At least the girl had inherited from her mother decently long and wavy hair, not the moss-kinks of a full-blooded Moro. But in everything else—ayya, she had the broad, flat nose with wide nostrils, the overfull and purplish lips, and the rest of what I could see of her was precisely the color of a cacao bean. Also, I had to assume that Moro females mature at a very early age, because Rebeca was only a child of eleven or twelve, and small even for that age, but she already had the curves of a woman, and estimable breasts, and buttocks that could only be called protuberant. Furthermore, the looks she gave me were the covetous appraisals of a woman ripe for mating.

Those things I could see for myself. What I could not divine was the reason for her name, which was derogatory, derisive and even demeaning. Not so much her Christian name, Rebeca. Among the edifying little Bible stories that Tete Diego told us from time to time, he had mentioned the biblical Rebeca, and the only bad thing I could remember about that one was that she seemed easily bribed with gold and silver trinkets. But the name Canalluza means "vagrancy, roguery, wantonness." If that was Rebeca's mother's surname, well, it had certainly fit her. But how, I wondered, would Rebeca's mother have acquired that name before she bedded with a black man?

Anyway, this little brown-black Rebeca Canalluza had long been following me with avid brown-black eyes, and when I first appeared at the Colegio in long-sleeved camisa, pantalones, and calf-high botas, her eyes became fervid—possibly because she had always worn Spanish attire and may have thought that I was now emulating her—and she began following me literally, sitting down beside me on whatever schoolroom bench I occupied, standing close to me on the infrequent occasions when I attended Mass. I did not mind. I had not enjoyed so much as a street-woman since leaving Aztlan, and aside from that, I was as perversely curious as Rebeca's mother must have been with her black, thinking, What would it be like? I only wished that Rebeca were a bit older and a lot prettier. Nevertheless, I returned her looks and then her smiles and eventually we were conversing, though her Spanish was much more fluent than mine.
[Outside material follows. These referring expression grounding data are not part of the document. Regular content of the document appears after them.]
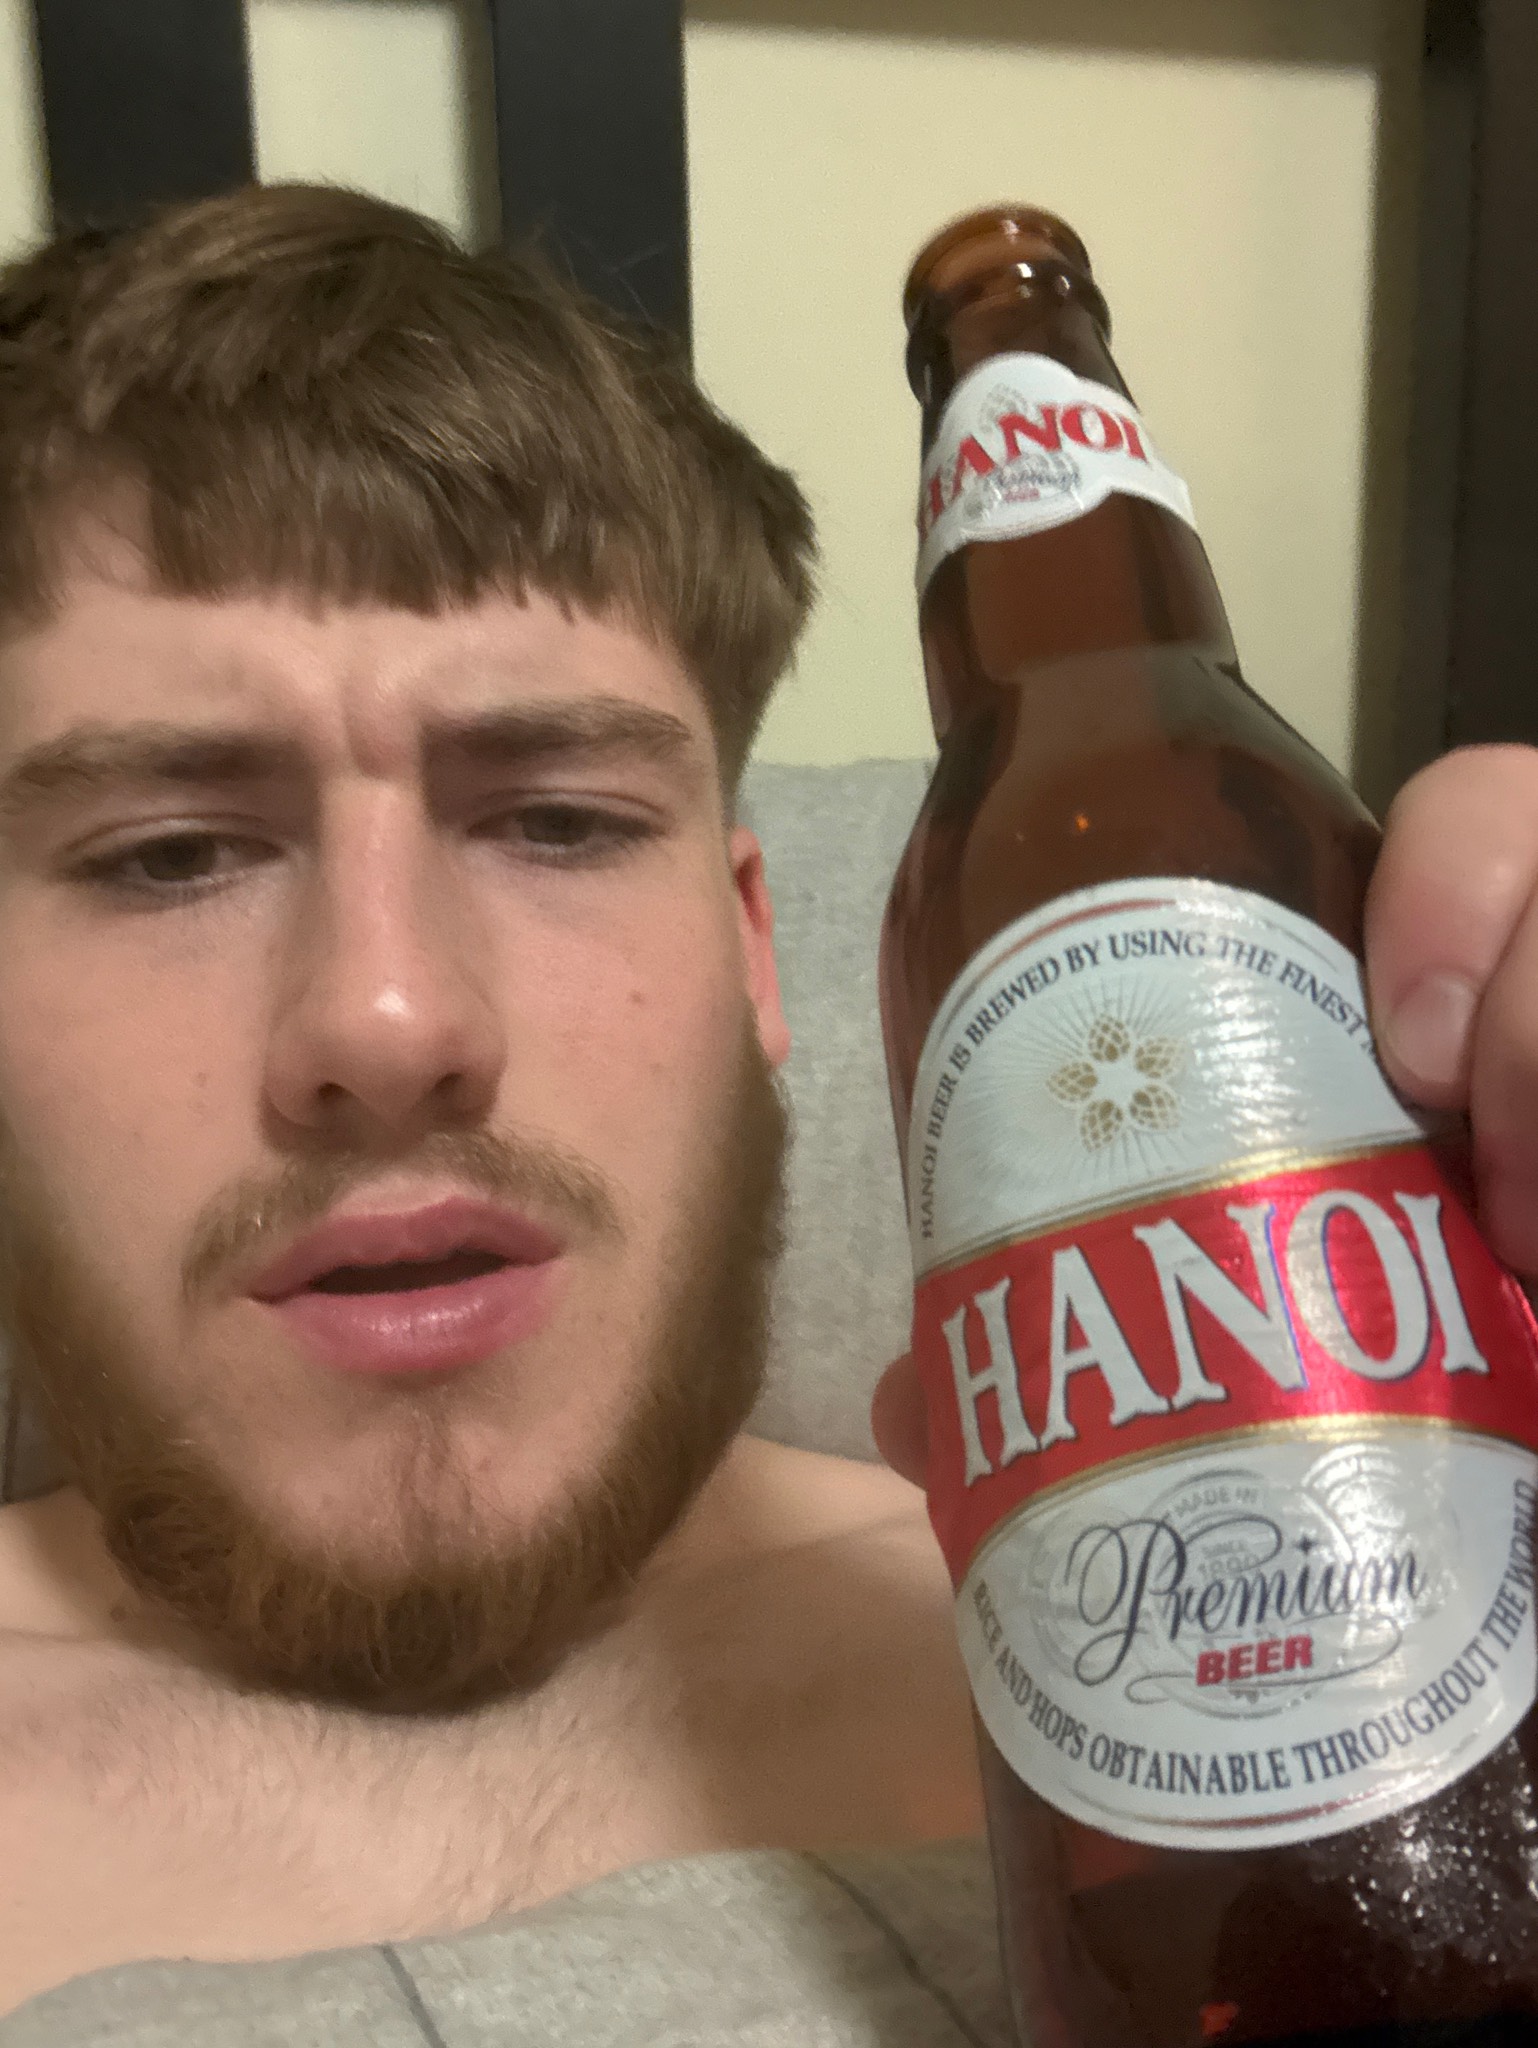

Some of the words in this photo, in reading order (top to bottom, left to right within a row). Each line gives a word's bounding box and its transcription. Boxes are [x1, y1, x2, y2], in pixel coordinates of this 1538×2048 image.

[1064, 939, 1100, 974] BY
[1108, 928, 1207, 961] USING
[1216, 934, 1278, 976] THE
[965, 956, 1061, 1046] BREWED
[1278, 960, 1367, 1037] FINEST
[949, 1042, 972, 1073] IS
[927, 1071, 959, 1140] BEER
[920, 1144, 938, 1240] HANOI
[941, 1189, 1491, 1488] HANOI
[1503, 1476, 1537, 1592] WORLD
[1066, 1513, 1427, 1687] Premium
[1480, 1582, 1528, 1652] THE
[995, 1644, 1033, 1707] AND
[1195, 1633, 1315, 1687] BEER
[1028, 1687, 1089, 1760] HOPS
[1296, 1635, 1499, 1785] THROUGHOUT
[1089, 1732, 1291, 1797] OBTAINABLE
"The reason for my awful name," she said, when I asked her, "is that I am an orphan. Whatever were the names of my father and mother, I will never know. I was abandoned, as are many other infants, at the door of the Refugio de Santa Brígida, the convento de monjas, and there I have lived ever since. The nuns in charge of us orphans take some queer delight in bestowing on us undignified names, to mark us as children of shame."

Here was an aspect of Spanish custom that I had not encountered before. Among us indios, there were of course children who suffered the loss of father or mother or both—to disease or war or some other disaster. But we had no word for orphan in any of the native languages that I knew. And that was simply because no child was ever abandoned or cast away or foisted upon the community. Every child was dear to us, and any one of them left alone in the world was instantly, eagerly adopted by some man and wife, whether they were forlornly childless or had a home teeming with other children.
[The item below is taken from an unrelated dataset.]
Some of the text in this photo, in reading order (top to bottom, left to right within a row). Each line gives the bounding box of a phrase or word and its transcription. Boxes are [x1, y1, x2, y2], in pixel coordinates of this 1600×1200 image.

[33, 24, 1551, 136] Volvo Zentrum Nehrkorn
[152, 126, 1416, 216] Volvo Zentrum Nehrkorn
"At least I was given a decent first name," Rebeca went on. "But that 'drab' yonder"—she discreetly indicated him—"the pardo boy, the ugly one, being also an orphan living at the Refugio, was named by the nuns Niebla Zonzón."

"Ayya!" I exclaimed, half laughing, half pitying. "Both his names mean 'dim, foggy, stupid'!"

"And ay de mí, so he is," said Rebeca with a pearly grin. "Well, you have heard him stutter and stammer and flounder when he speaks here in class."

"At any rate, the nuns provide you orphans with an education," I said. "If religious instruction can be called education."

"For me it is," she said. "I am studying to become a Christian nun myself. To wear the veil."

"I thought it was shoes," I said confusedly.

"What?"

"No matter. What does it mean—wearing the veil?"

"I become the bride of Christ."

"I thought he was dead."

"You really do not listen very closely to our Tete, do you, Juan Británico?" she said, sounding as severe as Alonso. "I will become Jesucristo's bride in name. All nuns are called so."